Referring expression grounding data:
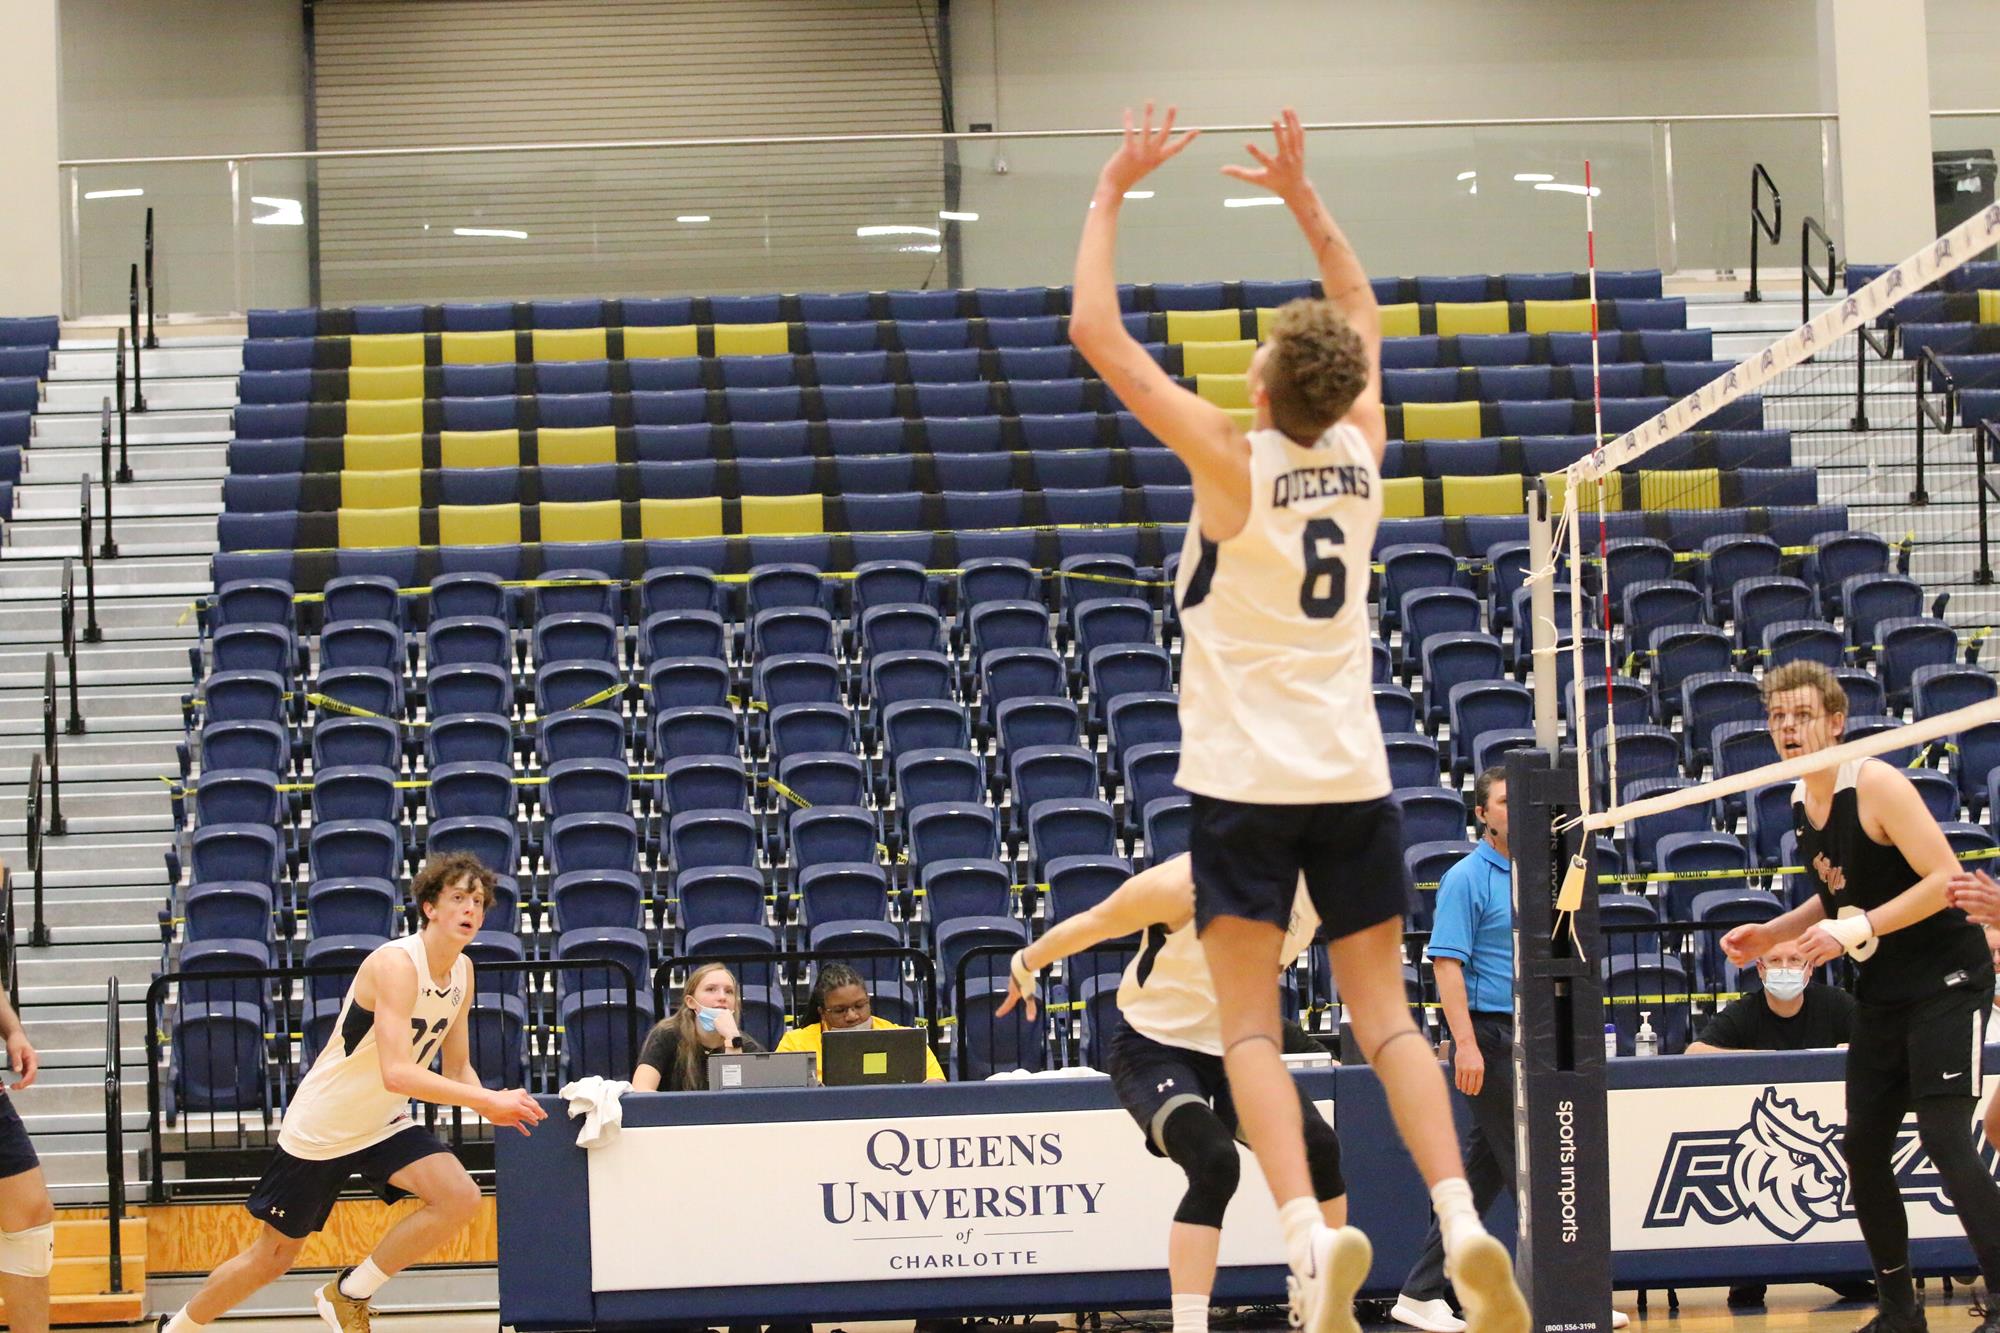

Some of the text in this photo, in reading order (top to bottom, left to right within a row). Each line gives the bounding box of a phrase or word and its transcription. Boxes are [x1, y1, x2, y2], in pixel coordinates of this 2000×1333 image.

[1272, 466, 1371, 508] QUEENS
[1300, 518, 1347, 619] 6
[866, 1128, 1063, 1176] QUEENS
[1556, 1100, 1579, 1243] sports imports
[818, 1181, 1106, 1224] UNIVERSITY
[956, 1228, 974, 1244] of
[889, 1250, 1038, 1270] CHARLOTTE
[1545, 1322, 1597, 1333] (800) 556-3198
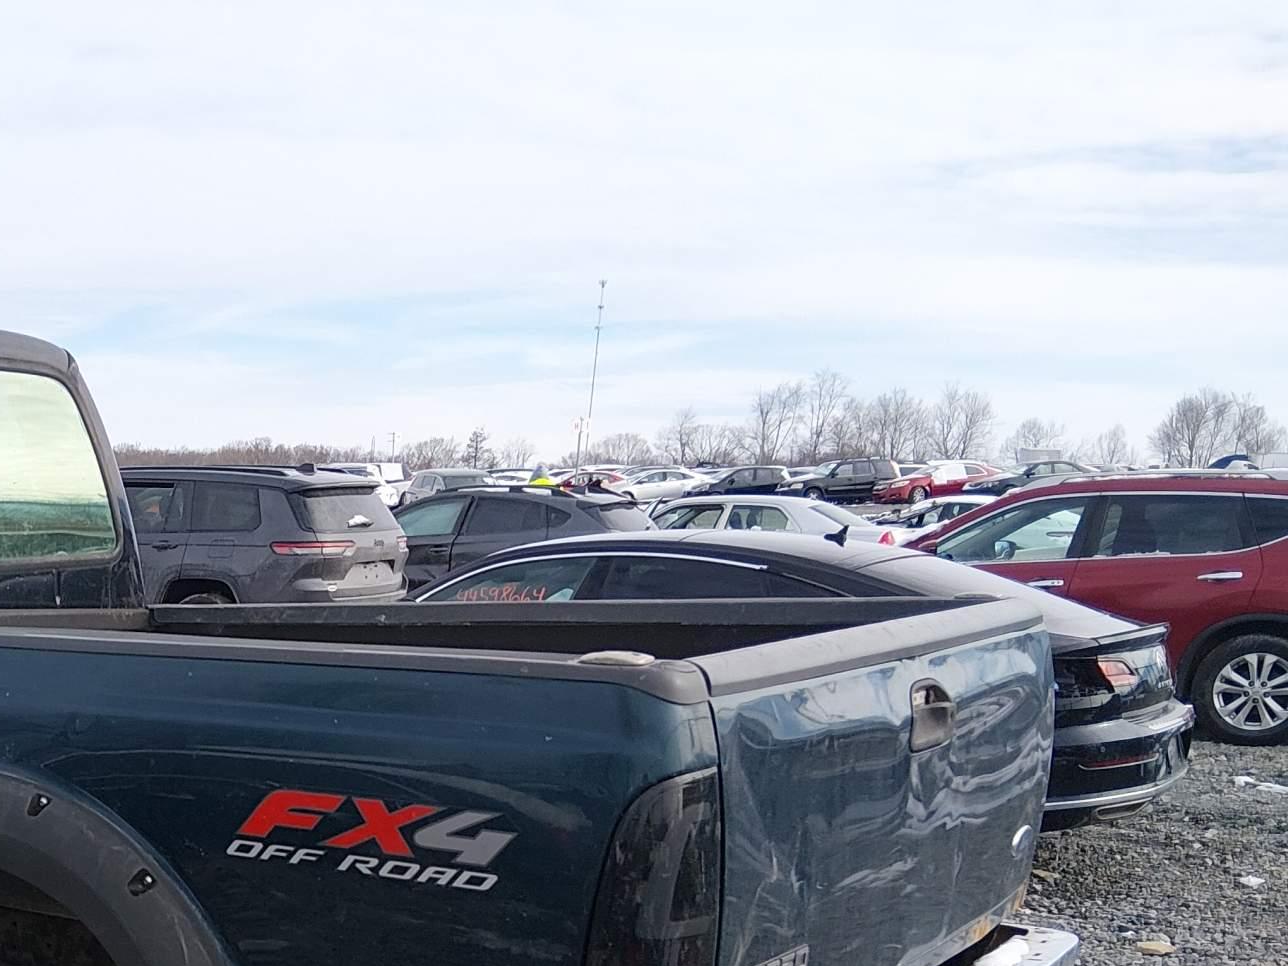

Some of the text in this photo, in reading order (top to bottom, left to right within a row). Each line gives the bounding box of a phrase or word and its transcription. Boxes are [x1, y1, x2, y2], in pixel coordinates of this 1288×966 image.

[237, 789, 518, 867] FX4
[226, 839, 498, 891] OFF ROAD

**WORK TO COMPLETE**
With the pictures omitted, the records above are to be repeated exactly.

**RESULT**
Some of the text in this photo, in reading order (top to bottom, left to right within a row). Each line gives the bounding box of a phrase or word and its transcription. Boxes are [x1, y1, x2, y2], in pixel coordinates of this 2000×1333 image.

[1272, 466, 1371, 508] QUEENS
[1300, 518, 1347, 619] 6
[866, 1128, 1063, 1176] QUEENS
[1556, 1100, 1579, 1243] sports imports
[818, 1181, 1106, 1224] UNIVERSITY
[956, 1228, 974, 1244] of
[889, 1250, 1038, 1270] CHARLOTTE
[1545, 1322, 1597, 1333] (800) 556-3198

Some of the text in this photo, in reading order (top to bottom, left to right within a row). Each line gives the bounding box of a phrase or word and its transcription. Boxes are [x1, y1, x2, y2], in pixel coordinates of this 1288×966 image.

[237, 789, 518, 867] FX4
[226, 839, 498, 891] OFF ROAD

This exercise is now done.